• Problem to solve:
Begin at the line that contains "this 1200×1600 image." and repeat every line from there to the end of the records below, inclusive, without adding any other line.
[Opening Supplied data section]
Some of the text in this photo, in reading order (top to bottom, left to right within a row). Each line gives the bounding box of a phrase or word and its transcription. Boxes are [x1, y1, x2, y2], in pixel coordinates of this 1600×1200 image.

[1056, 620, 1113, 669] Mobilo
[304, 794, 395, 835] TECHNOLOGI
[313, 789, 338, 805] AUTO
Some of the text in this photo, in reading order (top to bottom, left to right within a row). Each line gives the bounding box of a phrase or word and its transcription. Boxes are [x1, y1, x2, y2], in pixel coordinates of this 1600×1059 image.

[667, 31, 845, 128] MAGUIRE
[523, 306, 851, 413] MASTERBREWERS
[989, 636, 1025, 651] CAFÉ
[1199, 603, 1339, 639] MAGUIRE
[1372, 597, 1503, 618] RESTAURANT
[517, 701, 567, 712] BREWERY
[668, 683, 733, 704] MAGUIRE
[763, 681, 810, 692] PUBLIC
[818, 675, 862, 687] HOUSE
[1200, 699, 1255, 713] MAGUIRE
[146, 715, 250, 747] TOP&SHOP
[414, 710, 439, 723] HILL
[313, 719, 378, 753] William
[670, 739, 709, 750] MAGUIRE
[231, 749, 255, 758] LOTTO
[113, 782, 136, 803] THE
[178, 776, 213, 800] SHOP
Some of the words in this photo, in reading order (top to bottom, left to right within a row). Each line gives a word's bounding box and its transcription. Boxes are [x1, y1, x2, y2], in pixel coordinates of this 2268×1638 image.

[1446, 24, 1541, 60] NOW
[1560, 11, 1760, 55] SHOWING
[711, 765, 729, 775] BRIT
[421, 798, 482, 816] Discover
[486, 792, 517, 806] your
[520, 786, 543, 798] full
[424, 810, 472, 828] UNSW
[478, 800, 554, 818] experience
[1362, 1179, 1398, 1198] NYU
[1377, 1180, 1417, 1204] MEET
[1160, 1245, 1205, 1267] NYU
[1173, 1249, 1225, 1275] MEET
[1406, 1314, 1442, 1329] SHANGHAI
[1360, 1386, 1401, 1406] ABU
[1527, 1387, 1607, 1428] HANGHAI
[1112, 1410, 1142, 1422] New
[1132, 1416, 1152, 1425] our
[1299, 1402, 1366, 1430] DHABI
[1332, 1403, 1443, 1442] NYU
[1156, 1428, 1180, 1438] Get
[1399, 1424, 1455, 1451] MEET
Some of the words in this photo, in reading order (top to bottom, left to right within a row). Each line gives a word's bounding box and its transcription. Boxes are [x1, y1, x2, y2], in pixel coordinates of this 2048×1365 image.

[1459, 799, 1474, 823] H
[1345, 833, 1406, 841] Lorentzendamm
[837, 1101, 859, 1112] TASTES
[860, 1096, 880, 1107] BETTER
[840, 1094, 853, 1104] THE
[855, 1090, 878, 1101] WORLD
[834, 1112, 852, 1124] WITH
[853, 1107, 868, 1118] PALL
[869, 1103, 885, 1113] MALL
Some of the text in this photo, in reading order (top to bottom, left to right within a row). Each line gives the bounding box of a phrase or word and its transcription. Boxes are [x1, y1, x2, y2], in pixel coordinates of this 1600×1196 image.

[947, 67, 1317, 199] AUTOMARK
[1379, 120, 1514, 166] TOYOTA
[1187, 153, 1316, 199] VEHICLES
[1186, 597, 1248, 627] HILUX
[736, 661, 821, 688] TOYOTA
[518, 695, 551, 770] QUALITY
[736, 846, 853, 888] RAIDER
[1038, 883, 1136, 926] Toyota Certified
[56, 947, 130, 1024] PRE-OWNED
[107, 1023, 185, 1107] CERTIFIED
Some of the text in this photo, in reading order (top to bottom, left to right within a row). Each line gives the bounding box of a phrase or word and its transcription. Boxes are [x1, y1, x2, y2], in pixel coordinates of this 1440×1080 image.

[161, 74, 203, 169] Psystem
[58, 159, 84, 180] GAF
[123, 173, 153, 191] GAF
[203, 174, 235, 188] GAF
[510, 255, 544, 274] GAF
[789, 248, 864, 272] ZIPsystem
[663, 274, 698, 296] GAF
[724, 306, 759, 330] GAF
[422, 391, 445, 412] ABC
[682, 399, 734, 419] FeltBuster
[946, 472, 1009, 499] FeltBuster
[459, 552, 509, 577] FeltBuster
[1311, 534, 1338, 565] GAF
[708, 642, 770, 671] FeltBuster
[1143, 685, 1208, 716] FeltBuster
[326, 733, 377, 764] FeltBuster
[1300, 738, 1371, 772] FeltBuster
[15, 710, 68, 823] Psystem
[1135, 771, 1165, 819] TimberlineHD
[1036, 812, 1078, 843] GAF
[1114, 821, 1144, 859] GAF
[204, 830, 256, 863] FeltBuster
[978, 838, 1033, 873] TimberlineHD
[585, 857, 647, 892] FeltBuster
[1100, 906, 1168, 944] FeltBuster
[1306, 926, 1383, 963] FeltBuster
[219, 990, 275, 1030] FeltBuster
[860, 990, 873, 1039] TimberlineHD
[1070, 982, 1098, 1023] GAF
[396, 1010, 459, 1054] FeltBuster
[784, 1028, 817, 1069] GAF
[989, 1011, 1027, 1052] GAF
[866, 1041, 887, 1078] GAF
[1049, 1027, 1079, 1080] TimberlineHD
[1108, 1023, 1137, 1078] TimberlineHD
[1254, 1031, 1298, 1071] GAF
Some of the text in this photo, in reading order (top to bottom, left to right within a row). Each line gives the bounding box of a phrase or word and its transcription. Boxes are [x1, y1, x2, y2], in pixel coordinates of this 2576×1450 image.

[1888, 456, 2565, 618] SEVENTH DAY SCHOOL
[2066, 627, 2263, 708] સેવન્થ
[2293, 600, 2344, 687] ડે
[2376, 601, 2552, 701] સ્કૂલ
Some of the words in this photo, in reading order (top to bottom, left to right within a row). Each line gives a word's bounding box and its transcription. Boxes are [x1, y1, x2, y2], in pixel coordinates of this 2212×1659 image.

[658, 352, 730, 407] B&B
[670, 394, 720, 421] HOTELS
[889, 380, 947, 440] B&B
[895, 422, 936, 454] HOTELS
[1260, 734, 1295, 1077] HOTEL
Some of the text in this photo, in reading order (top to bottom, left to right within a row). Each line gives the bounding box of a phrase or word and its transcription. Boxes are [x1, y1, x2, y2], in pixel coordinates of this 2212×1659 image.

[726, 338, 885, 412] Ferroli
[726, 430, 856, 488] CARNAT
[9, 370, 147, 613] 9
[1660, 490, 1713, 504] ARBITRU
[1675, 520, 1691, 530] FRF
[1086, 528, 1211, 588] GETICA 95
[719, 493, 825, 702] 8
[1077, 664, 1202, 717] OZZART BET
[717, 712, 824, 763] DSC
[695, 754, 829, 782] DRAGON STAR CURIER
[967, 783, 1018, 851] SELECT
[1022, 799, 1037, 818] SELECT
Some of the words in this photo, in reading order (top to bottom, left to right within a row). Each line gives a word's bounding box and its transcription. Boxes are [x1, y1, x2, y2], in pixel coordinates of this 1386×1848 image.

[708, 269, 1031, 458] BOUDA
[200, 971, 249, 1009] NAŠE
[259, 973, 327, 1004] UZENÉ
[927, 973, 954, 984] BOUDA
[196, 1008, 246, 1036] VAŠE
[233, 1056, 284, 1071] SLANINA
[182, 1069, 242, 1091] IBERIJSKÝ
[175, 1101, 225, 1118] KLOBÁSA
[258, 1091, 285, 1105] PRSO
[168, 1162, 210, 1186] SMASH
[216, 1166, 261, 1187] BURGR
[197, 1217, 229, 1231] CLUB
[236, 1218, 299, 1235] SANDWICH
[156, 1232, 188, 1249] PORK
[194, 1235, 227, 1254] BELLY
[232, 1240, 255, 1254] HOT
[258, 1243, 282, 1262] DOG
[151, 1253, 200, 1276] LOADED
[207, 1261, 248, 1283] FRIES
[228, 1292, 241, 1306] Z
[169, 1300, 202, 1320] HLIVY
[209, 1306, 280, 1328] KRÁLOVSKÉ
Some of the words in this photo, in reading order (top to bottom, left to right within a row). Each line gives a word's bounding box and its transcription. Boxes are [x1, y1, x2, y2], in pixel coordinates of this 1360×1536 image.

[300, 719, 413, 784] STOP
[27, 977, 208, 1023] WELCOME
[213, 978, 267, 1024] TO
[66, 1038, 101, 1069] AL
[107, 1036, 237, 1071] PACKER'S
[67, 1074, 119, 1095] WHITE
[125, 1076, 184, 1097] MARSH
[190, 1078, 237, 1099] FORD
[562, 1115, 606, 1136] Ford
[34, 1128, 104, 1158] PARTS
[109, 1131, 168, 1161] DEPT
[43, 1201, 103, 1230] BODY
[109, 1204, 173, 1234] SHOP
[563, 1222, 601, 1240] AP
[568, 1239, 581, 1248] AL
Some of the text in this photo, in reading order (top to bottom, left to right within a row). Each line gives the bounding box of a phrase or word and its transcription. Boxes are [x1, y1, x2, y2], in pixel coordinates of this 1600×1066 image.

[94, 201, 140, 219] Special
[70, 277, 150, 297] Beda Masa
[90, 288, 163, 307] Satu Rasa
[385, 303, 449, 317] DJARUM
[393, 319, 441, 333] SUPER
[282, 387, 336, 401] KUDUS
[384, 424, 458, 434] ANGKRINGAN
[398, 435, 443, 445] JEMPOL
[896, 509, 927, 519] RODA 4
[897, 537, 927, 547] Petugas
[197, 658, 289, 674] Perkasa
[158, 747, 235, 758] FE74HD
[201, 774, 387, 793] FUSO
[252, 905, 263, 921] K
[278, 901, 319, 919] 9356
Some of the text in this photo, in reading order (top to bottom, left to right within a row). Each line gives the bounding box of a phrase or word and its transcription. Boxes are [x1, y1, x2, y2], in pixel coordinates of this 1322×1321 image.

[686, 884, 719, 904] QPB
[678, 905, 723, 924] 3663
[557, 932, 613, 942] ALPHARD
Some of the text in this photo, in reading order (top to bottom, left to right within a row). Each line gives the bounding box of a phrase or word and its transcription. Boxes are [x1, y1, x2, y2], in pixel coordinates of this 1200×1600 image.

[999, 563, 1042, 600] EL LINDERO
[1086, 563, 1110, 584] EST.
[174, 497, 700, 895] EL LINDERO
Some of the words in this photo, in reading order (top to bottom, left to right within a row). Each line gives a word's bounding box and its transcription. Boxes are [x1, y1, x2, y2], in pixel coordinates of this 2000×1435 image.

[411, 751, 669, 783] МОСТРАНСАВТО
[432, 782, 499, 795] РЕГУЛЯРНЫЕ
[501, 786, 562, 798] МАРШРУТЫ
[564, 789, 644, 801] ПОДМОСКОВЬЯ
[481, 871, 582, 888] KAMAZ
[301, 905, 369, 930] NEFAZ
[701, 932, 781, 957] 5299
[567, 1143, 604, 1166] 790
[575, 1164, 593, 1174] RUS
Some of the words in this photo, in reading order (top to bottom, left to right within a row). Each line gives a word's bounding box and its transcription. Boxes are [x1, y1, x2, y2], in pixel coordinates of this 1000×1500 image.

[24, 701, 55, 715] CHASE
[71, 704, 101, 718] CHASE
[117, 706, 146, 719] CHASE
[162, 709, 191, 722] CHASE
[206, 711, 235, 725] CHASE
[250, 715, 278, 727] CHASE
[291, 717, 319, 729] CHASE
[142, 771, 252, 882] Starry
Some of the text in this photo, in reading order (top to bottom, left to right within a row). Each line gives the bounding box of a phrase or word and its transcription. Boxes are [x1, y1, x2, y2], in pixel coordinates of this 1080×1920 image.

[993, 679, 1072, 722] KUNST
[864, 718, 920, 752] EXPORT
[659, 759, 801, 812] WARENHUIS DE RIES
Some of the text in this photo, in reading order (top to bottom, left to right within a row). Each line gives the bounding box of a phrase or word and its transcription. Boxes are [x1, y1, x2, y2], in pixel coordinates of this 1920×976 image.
[Closing Supplied data section]
• Result of this exercise:
Some of the text in this photo, in reading order (top to bottom, left to right within a row). Each line gives the bounding box of a phrase or word and its transcription. Boxes are [x1, y1, x2, y2], in pixel coordinates of this 1200×1600 image.

[999, 563, 1042, 600] EL LINDERO
[1086, 563, 1110, 584] EST.
[174, 497, 700, 895] EL LINDERO
Some of the words in this photo, in reading order (top to bottom, left to right within a row). Each line gives a word's bounding box and its transcription. Boxes are [x1, y1, x2, y2], in pixel coordinates of this 2000×1435 image.

[411, 751, 669, 783] МОСТРАНСАВТО
[432, 782, 499, 795] РЕГУЛЯРНЫЕ
[501, 786, 562, 798] МАРШРУТЫ
[564, 789, 644, 801] ПОДМОСКОВЬЯ
[481, 871, 582, 888] KAMAZ
[301, 905, 369, 930] NEFAZ
[701, 932, 781, 957] 5299
[567, 1143, 604, 1166] 790
[575, 1164, 593, 1174] RUS
Some of the words in this photo, in reading order (top to bottom, left to right within a row). Each line gives a word's bounding box and its transcription. Boxes are [x1, y1, x2, y2], in pixel coordinates of this 1000×1500 image.

[24, 701, 55, 715] CHASE
[71, 704, 101, 718] CHASE
[117, 706, 146, 719] CHASE
[162, 709, 191, 722] CHASE
[206, 711, 235, 725] CHASE
[250, 715, 278, 727] CHASE
[291, 717, 319, 729] CHASE
[142, 771, 252, 882] Starry
Some of the text in this photo, in reading order (top to bottom, left to right within a row). Each line gives the bounding box of a phrase or word and its transcription. Boxes are [x1, y1, x2, y2], in pixel coordinates of this 1080×1920 image.

[993, 679, 1072, 722] KUNST
[864, 718, 920, 752] EXPORT
[659, 759, 801, 812] WARENHUIS DE RIES
Some of the text in this photo, in reading order (top to bottom, left to right within a row). Each line gives the bounding box of a phrase or word and its transcription. Boxes are [x1, y1, x2, y2], in pixel coordinates of this 1920×976 image.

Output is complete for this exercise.